Normalization of obesity-associated insulin resistance through immunotherapy

Winer, S., et al. 2009. Nat. med. 15, 921-930

Speaker: Chia-Chun Tsai (蔡佳純)                                Time: 15:00~16:00, Mar. 31, 2010

Commentator: Dr. Yau-Sheng Tsai (蔡曜聲老師)        Place: Room 601

Abstract:

        Metabolic syndromes related to obesity have become a new threat to public health now, and obesity-associated insulin resistance is a major element of type 2 diabetes development. The adipose tissue inflammation is an important factor of disease progression in type 2 diabetes, but the underlying mechanisms remain unclear. Authors found that high-fat diet (HFD) resulted in a progressive Th1 cell bias and lowered the proportion of Treg cells among fat-associated T cells in the mouse model. The phenomenon in lean and obese humans was strikingly analogous. In addition,antigen-specific expansion of T cell repertoires in the visceral adipose tissue (VAT) probably was driven by obesity. To study the metabolic role of lymphocytes in obesity, authors detected the metabolic profile of Rag1-null mice with the lack of lymphocytes. They found that Rag1-null mice treated with HFD were heavier, and had more impaired glucose tolerance and insulin resistance compared to wild-type mice. Afterward, the adaptive transfer of CD4⁺ T cells (but not CD8⁺ T cells) to Rag1-null mice reversed weight gain and insulin resistance in an antigen-specific fashion. Results showed that the Th2 cells in the VAT of diet-induced obesity (DIO) mice were as a regulator of glucose homeostasis among fat-associated T cells.

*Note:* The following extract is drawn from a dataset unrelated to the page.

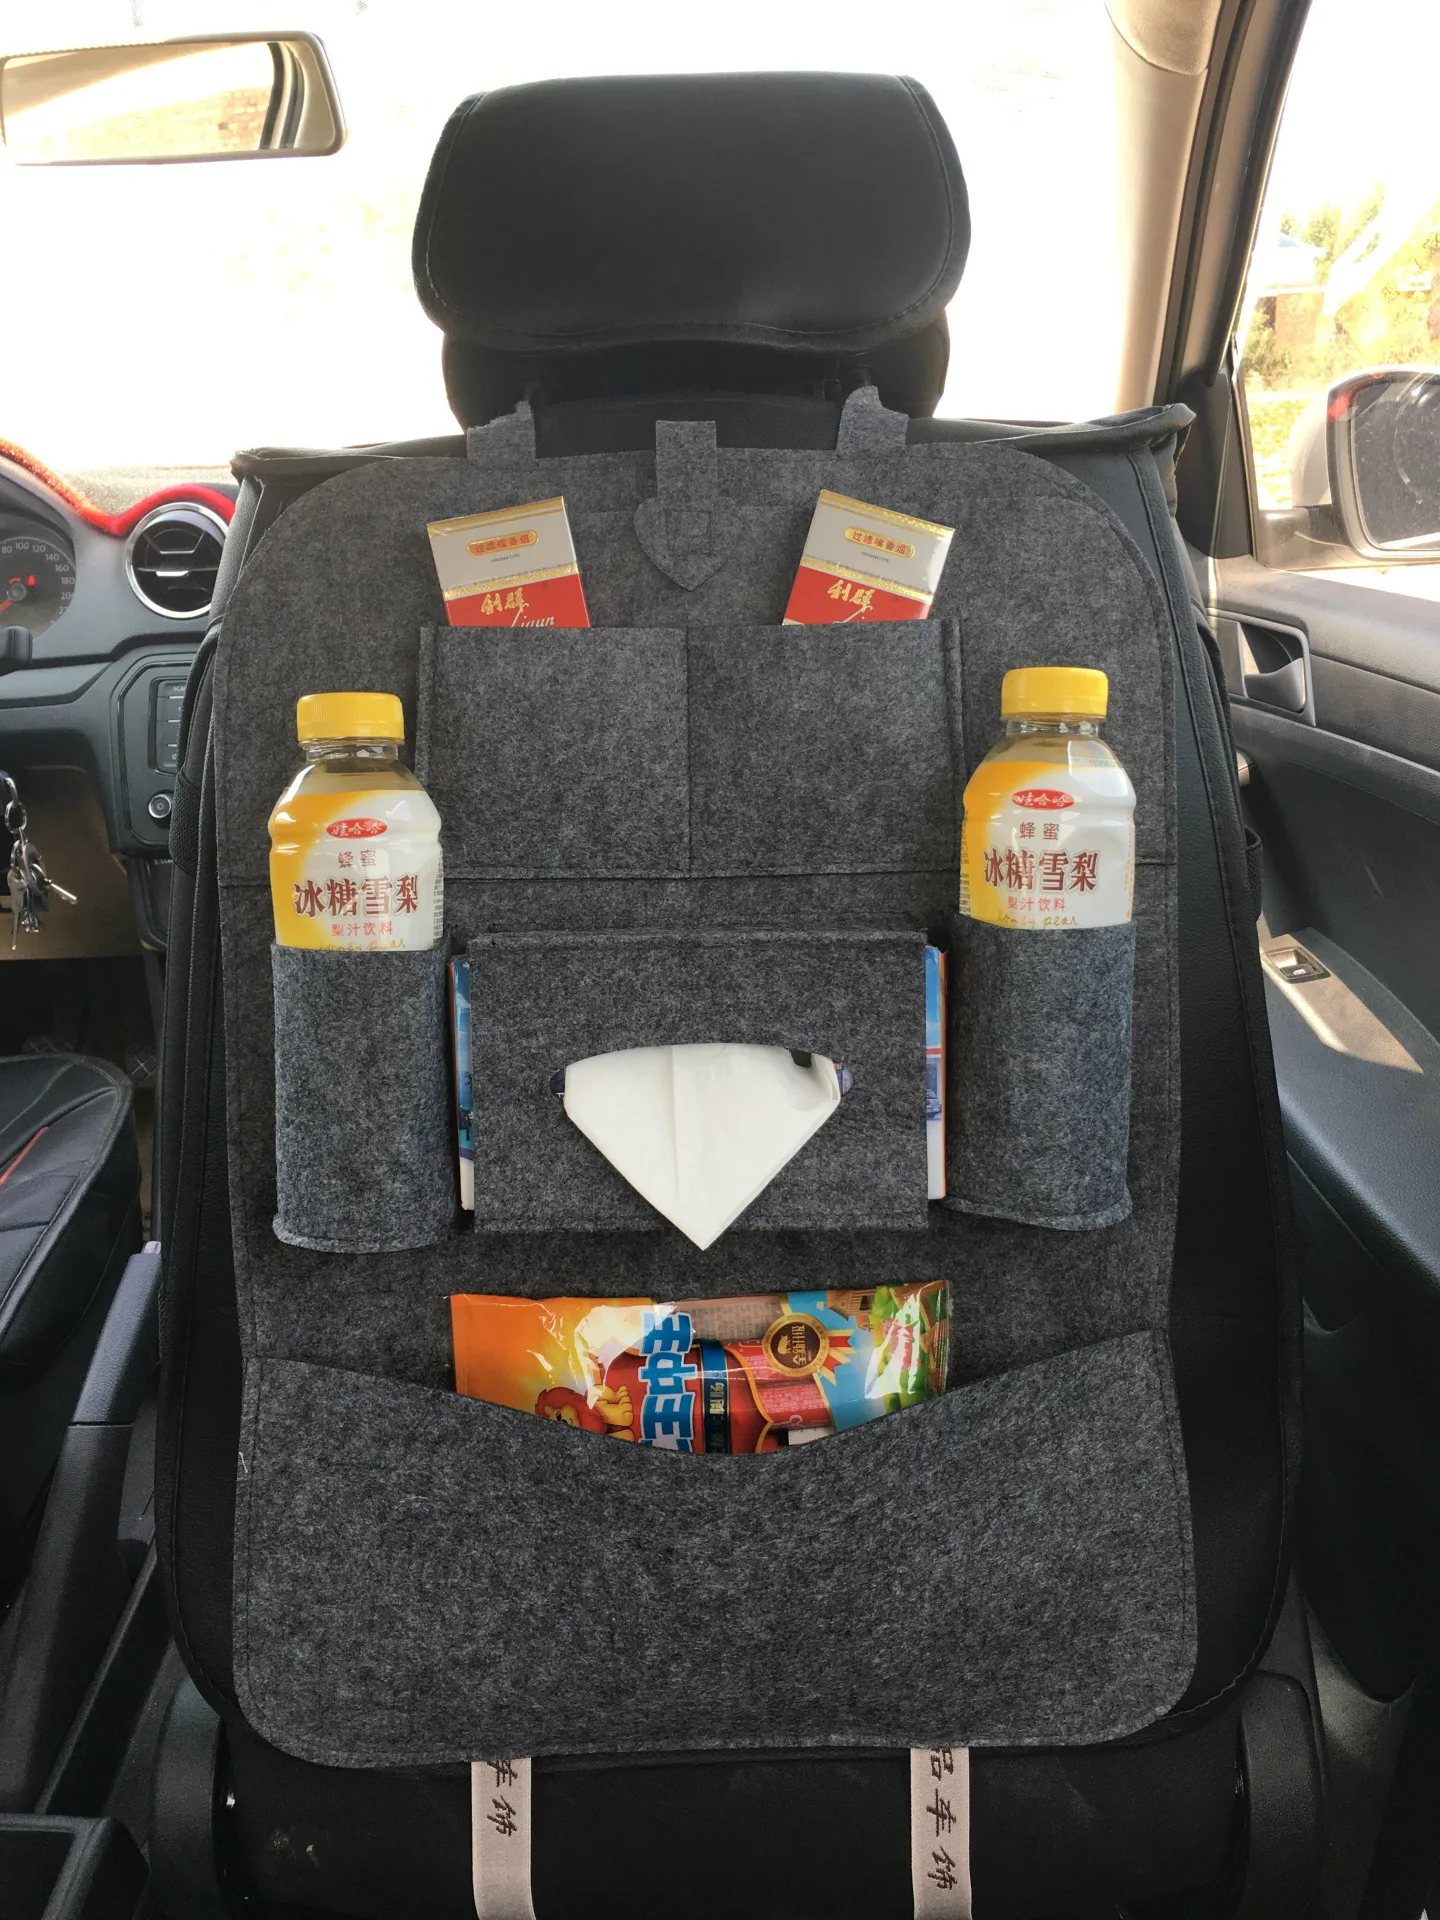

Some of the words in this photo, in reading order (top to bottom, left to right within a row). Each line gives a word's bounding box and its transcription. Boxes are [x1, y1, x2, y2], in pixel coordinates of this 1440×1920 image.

However, the reduced proportion of Treg cells represented that Treg cells may play a role in DIO-associated metabolic abnormalities. CD3-specific antibody promoted T cell self-tolerance through T cell depletion, paralleled by a selective increase of Treg cells in inflammatory sites¹. The injection of CD3-specific antibody into mice with HFD showed that CD3-specific antibody and its F(ab′)₂ fragment both improved the insulin resistance and glucose tolerance by restoring Treg cells in VAT. Treg cells can induce M2 macrophages, which secreted IL-10 and protected against insulin resistance². Moreover, the treatment of F(ab′)₂ fragment of CD3-specific antibody also increased the numbers of M2 macrophages in VAT. Collectively, the obesity-associated insulin resistance can be normalized through effective immunotherapy.

References:

1. Chatenoud, L., et al. 2007. CD3-specific antibodies: a portal to the treatment of autoimmunity. Nat. Rev. Immunol. 7, 622–632.

2. Tiemessen, M.M., et al. 2007. CD4⁺CD25⁺Foxp3⁺ regulatory T cells induce alternative activation of human monocytes/macrophages. Proc. Natl. Acad. Sci. USA 104, 19446–19451.